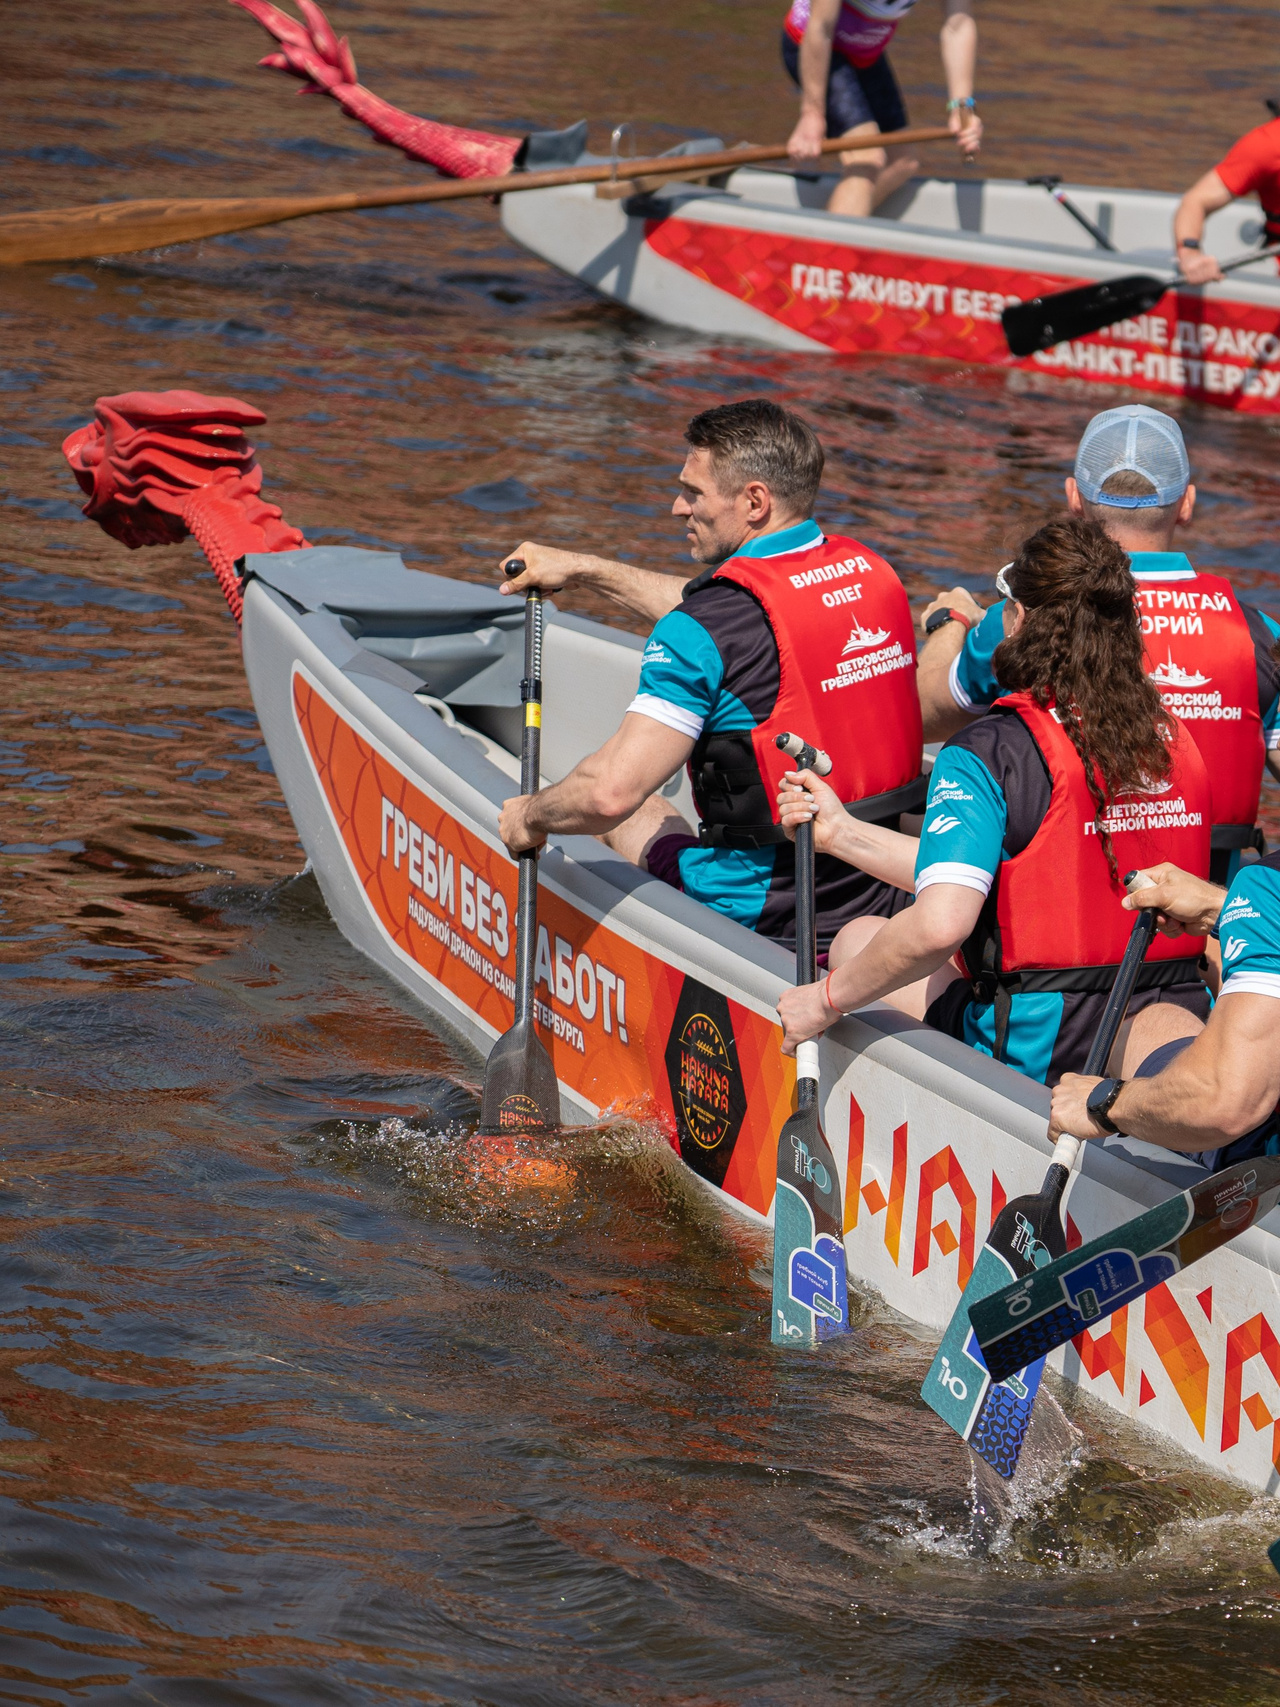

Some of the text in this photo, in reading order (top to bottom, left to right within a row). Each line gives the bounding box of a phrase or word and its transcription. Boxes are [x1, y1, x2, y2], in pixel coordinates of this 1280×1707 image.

[791, 262, 844, 303] ГДЕ
[847, 271, 949, 315] ЖИВУТ
[788, 555, 872, 590] ВИЛЛАРД
[821, 583, 863, 608] ОЛЕГ
[820, 652, 913, 693] ГРЕБНОЙ МАРАФОН
[836, 641, 903, 675] ПЕТРОВСКИЙ
[1160, 690, 1222, 706] ОВСКИЙ
[1106, 797, 1187, 819] ПЕТРОВСКИЙ
[1147, 812, 1203, 830] МАРАФОН
[381, 795, 628, 1045] ГРЕБИ БЕЗ АБОТ!
[408, 895, 451, 947] НАДУВНОЙ
[450, 930, 482, 974] ДРАКОН
[482, 957, 494, 983] ИЗ
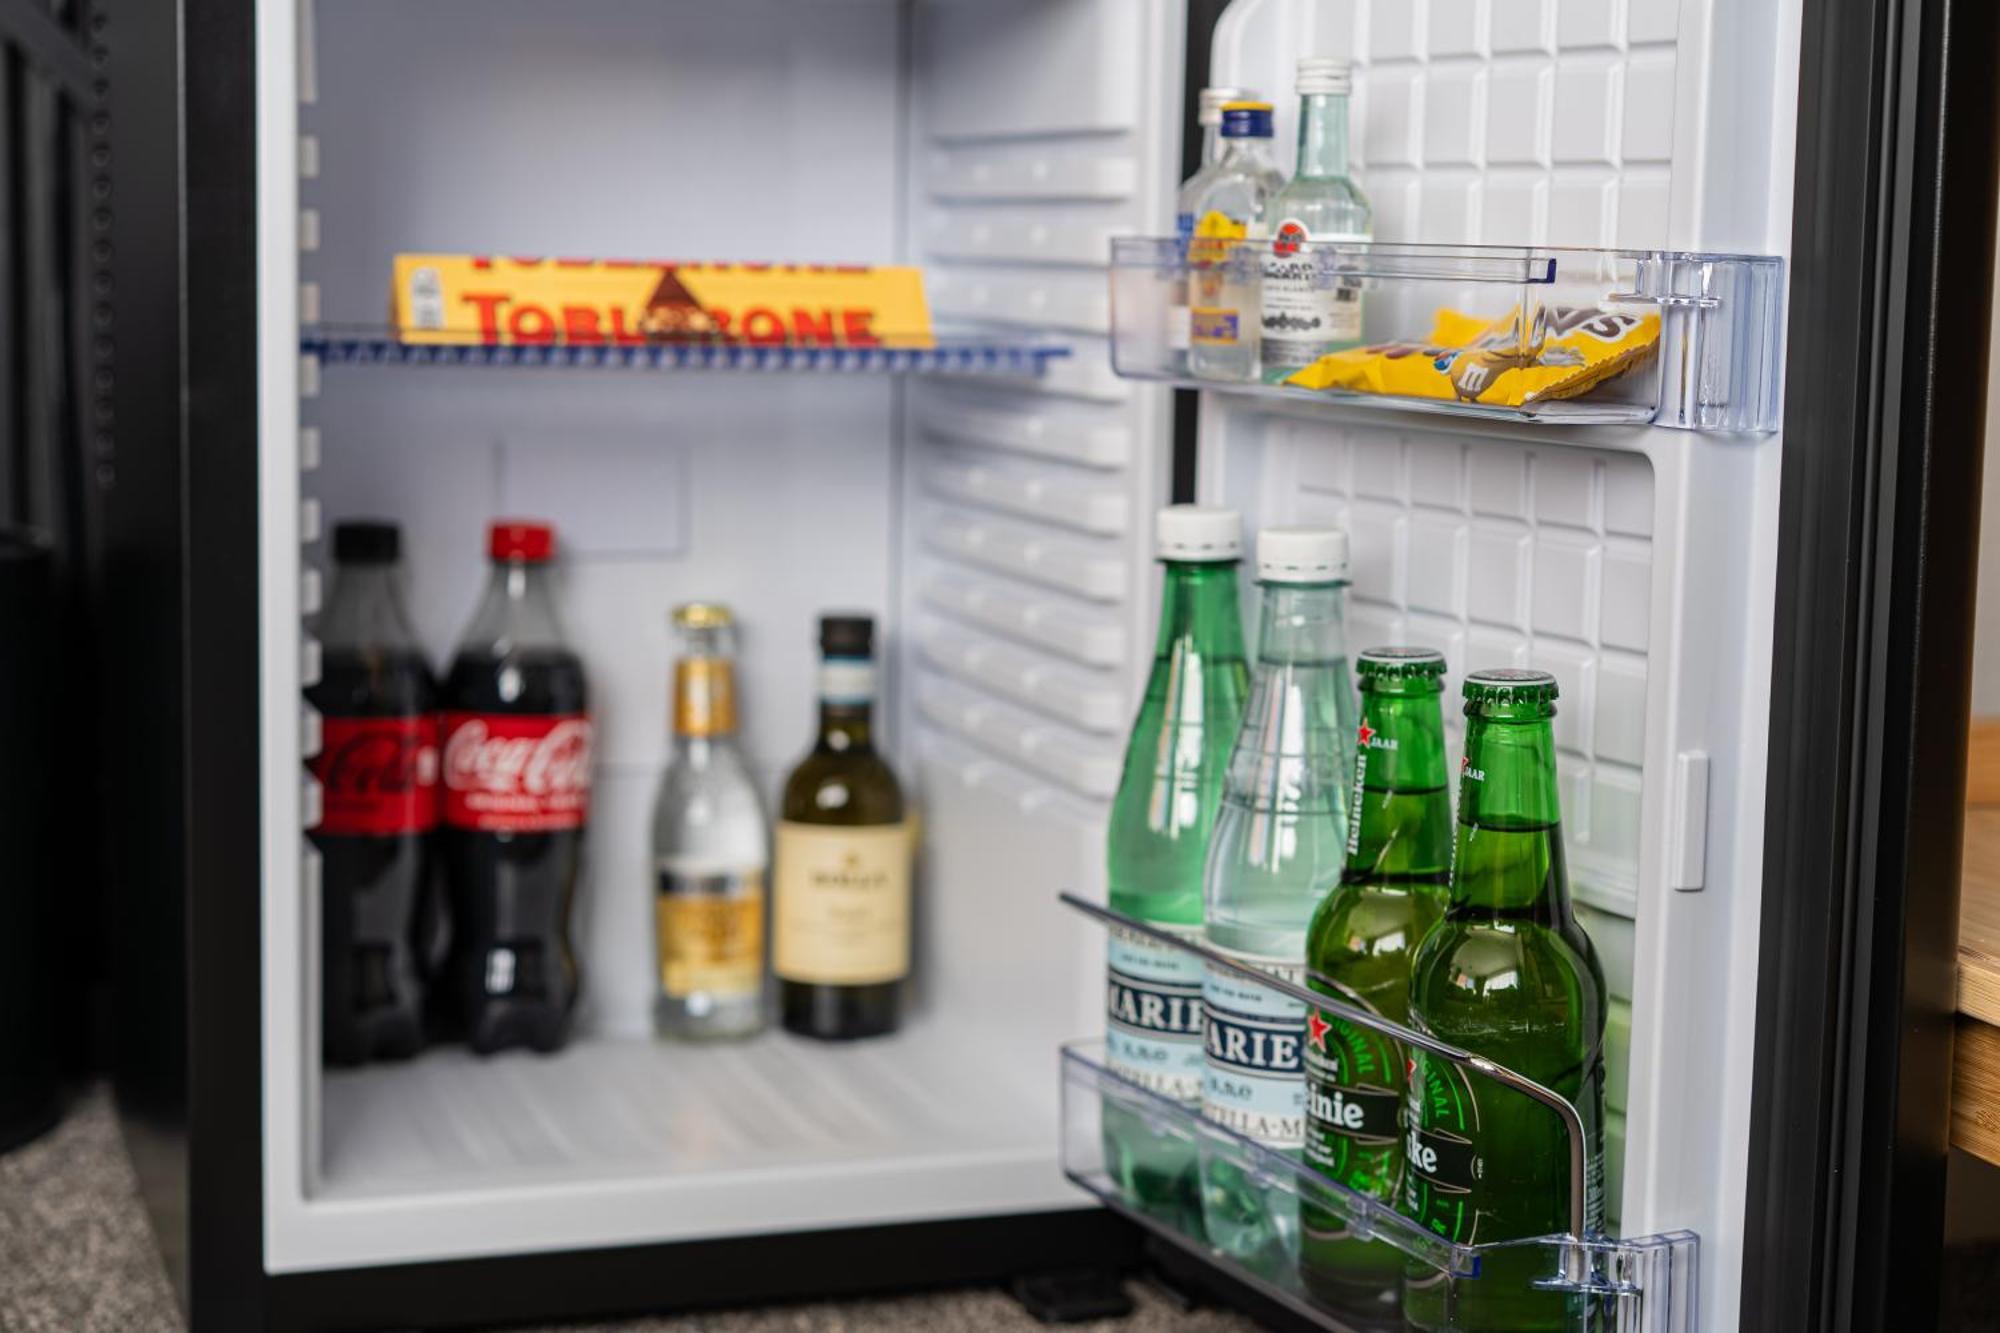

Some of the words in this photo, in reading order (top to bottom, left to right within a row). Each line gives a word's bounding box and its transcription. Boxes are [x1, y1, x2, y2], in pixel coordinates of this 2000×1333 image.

[463, 293, 884, 347] TOBLRONE
[1371, 737, 1398, 750] JAAR
[1348, 754, 1368, 856] Heineken
[1207, 1021, 1300, 1069] ARIE
[1309, 1083, 1364, 1130] inie
——————————
* **EXERCISE DESCRIPTION**:
Using the records above, retype everything exactly except the pictures.

* **TASK RESULT**:
Some of the text in this photo, in reading order (top to bottom, left to right within a row). Each line gives the bounding box of a phrase or word and its transcription. Boxes are [x1, y1, x2, y2], in pixel coordinates of this 1280×1707 image.

[791, 262, 844, 303] ГДЕ
[847, 271, 949, 315] ЖИВУТ
[788, 555, 872, 590] ВИЛЛАРД
[821, 583, 863, 608] ОЛЕГ
[820, 652, 913, 693] ГРЕБНОЙ МАРАФОН
[836, 641, 903, 675] ПЕТРОВСКИЙ
[1160, 690, 1222, 706] ОВСКИЙ
[1106, 797, 1187, 819] ПЕТРОВСКИЙ
[1147, 812, 1203, 830] МАРАФОН
[381, 795, 628, 1045] ГРЕБИ БЕЗ АБОТ!
[408, 895, 451, 947] НАДУВНОЙ
[450, 930, 482, 974] ДРАКОН
[482, 957, 494, 983] ИЗ

Some of the words in this photo, in reading order (top to bottom, left to right within a row). Each line gives a word's bounding box and its transcription. Boxes are [x1, y1, x2, y2], in pixel coordinates of this 2000×1333 image.

[463, 293, 884, 347] TOBLRONE
[1371, 737, 1398, 750] JAAR
[1348, 754, 1368, 856] Heineken
[1207, 1021, 1300, 1069] ARIE
[1309, 1083, 1364, 1130] inie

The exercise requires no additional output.